*TASK INSTRUCTIONS:*
Reproduce the listing below exactly, except for its pictures.

*DATA EXCERPTS:*
• • • • • • •
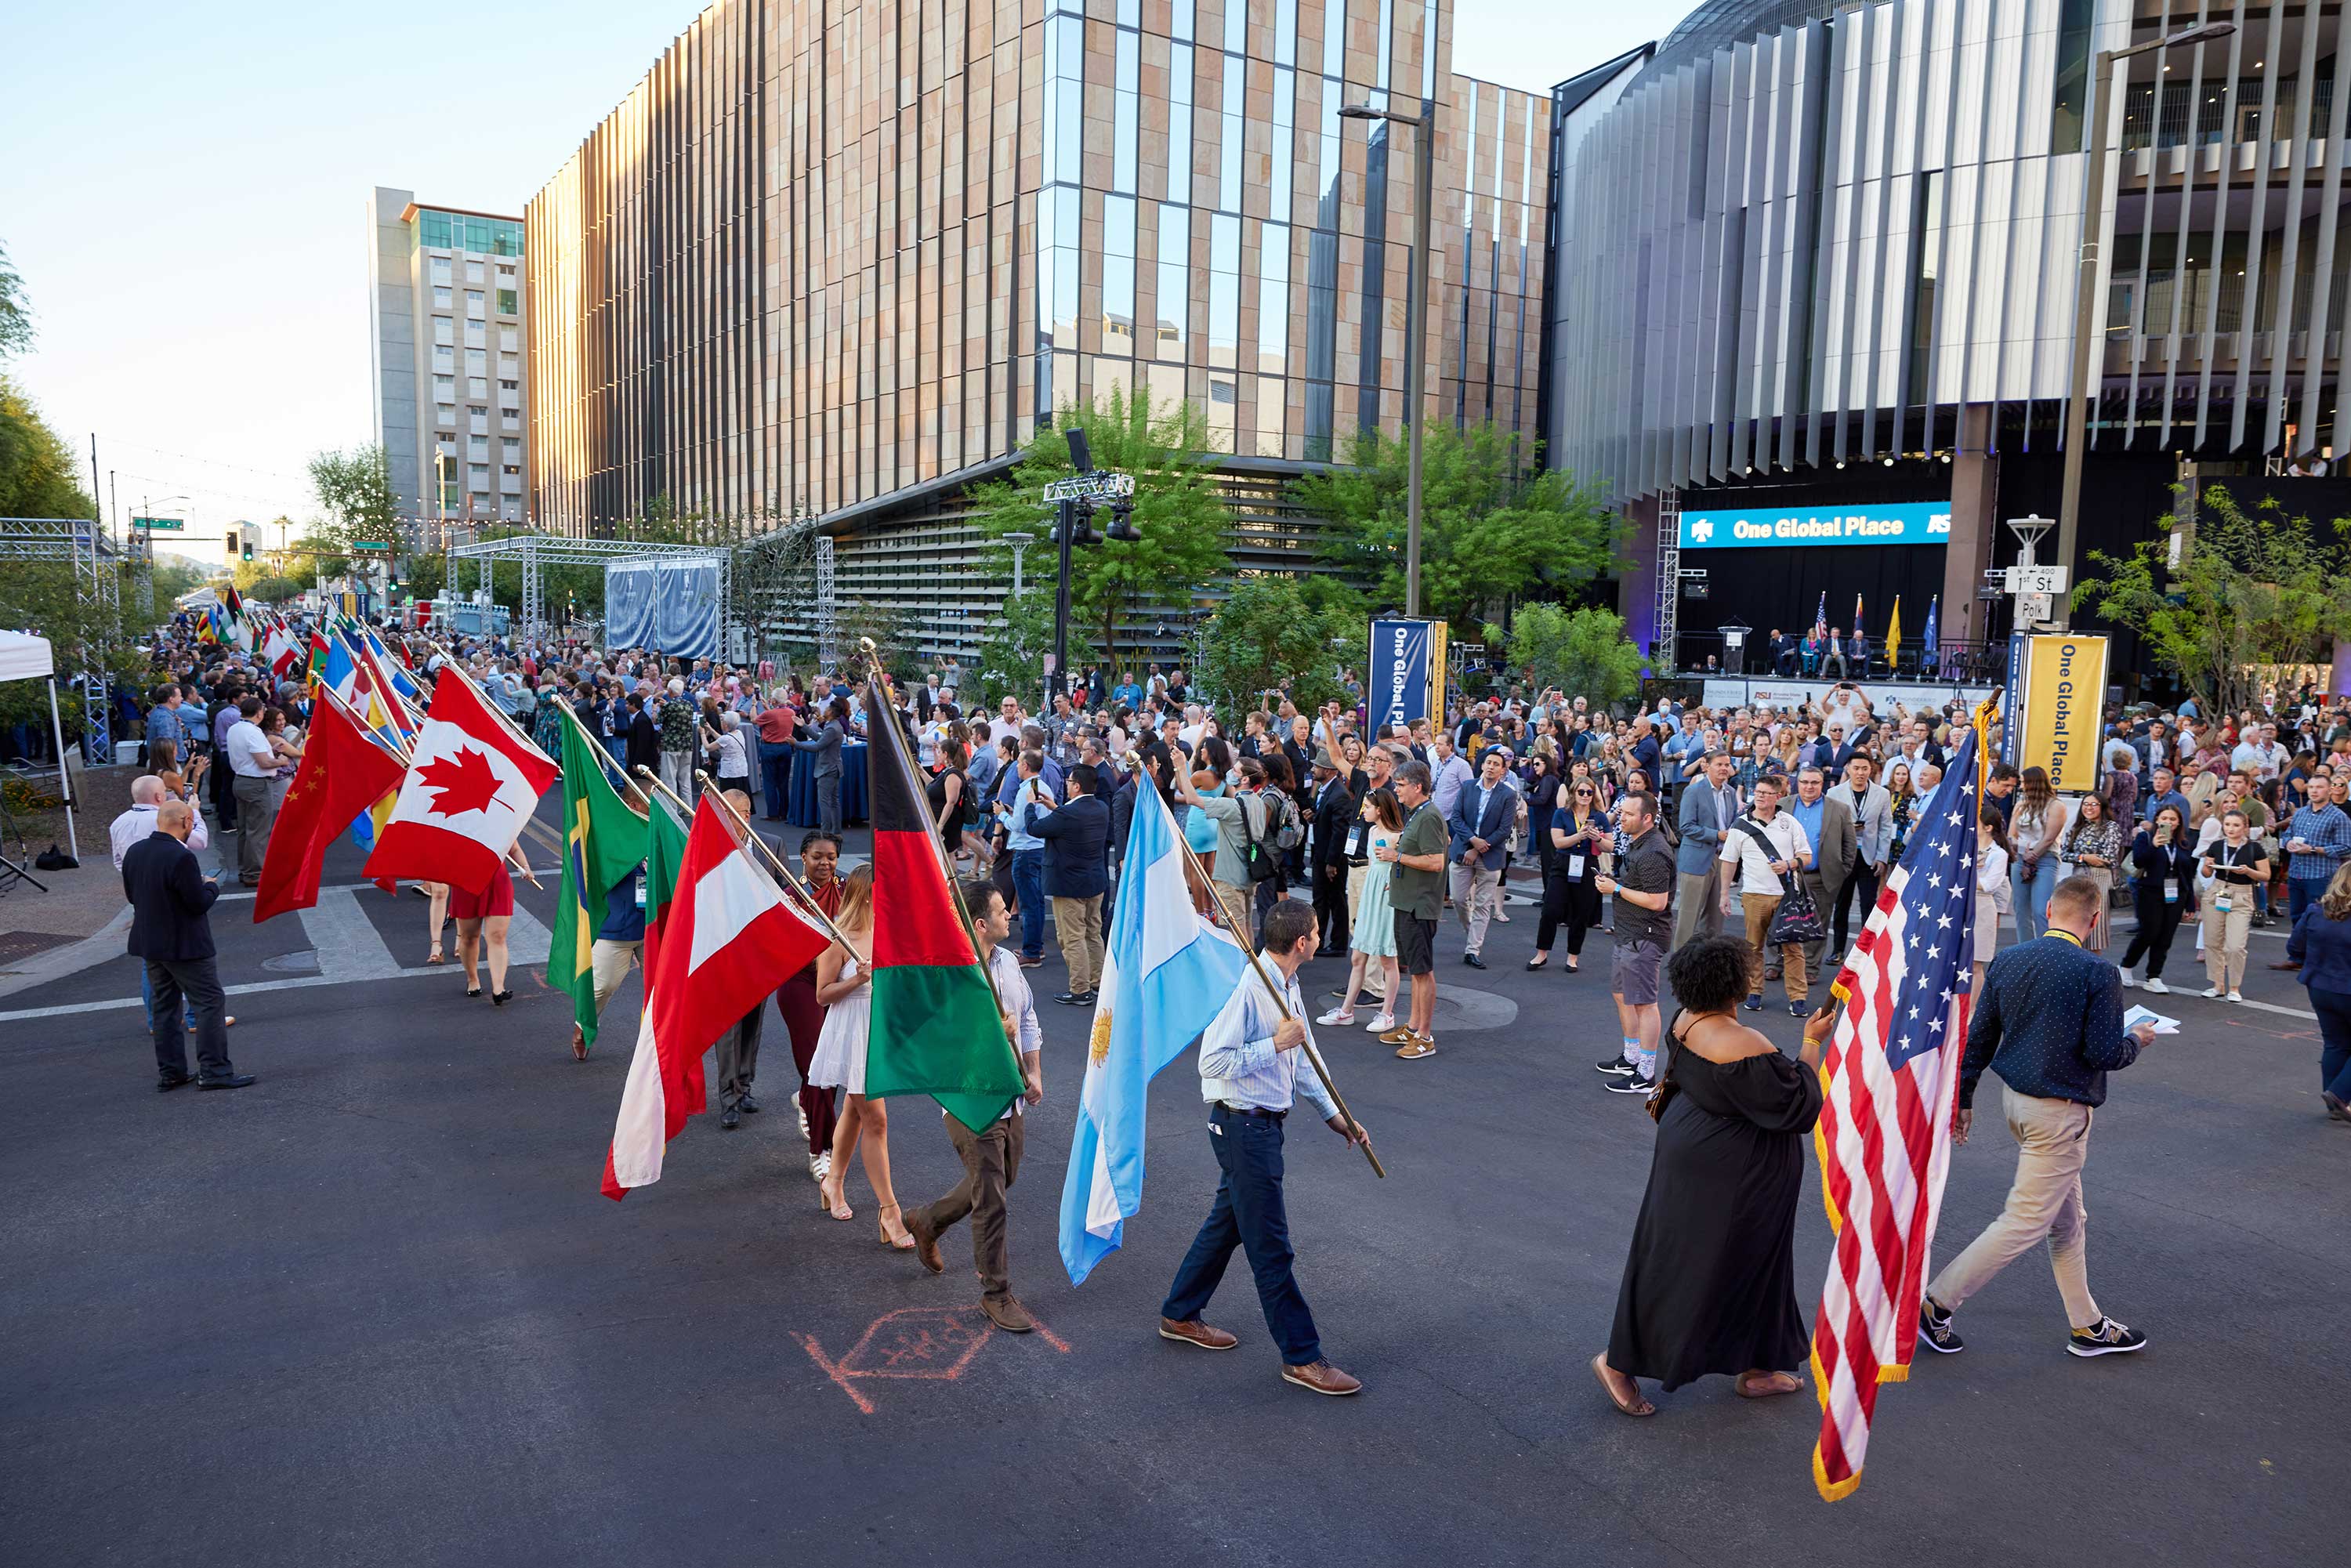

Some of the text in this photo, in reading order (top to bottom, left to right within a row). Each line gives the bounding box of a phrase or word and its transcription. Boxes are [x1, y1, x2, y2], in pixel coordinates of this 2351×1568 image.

[1733, 514, 1904, 539] One Global Place
[2019, 576, 2052, 591] 1st St
[2022, 603, 2043, 617] Polk
[1394, 627, 1408, 657] One
[1391, 659, 1407, 708] Global
[1754, 691, 1772, 700] ASU
[2050, 644, 2076, 786] One Global Place
• • • • • • •
*WRITTEN RESPONSE:*
Some of the text in this photo, in reading order (top to bottom, left to right within a row). Each line gives the bounding box of a phrase or word and its transcription. Boxes are [x1, y1, x2, y2], in pixel coordinates of this 2351×1568 image.

[1733, 514, 1904, 539] One Global Place
[2019, 576, 2052, 591] 1st St
[2022, 603, 2043, 617] Polk
[1394, 627, 1408, 657] One
[1391, 659, 1407, 708] Global
[1754, 691, 1772, 700] ASU
[2050, 644, 2076, 786] One Global Place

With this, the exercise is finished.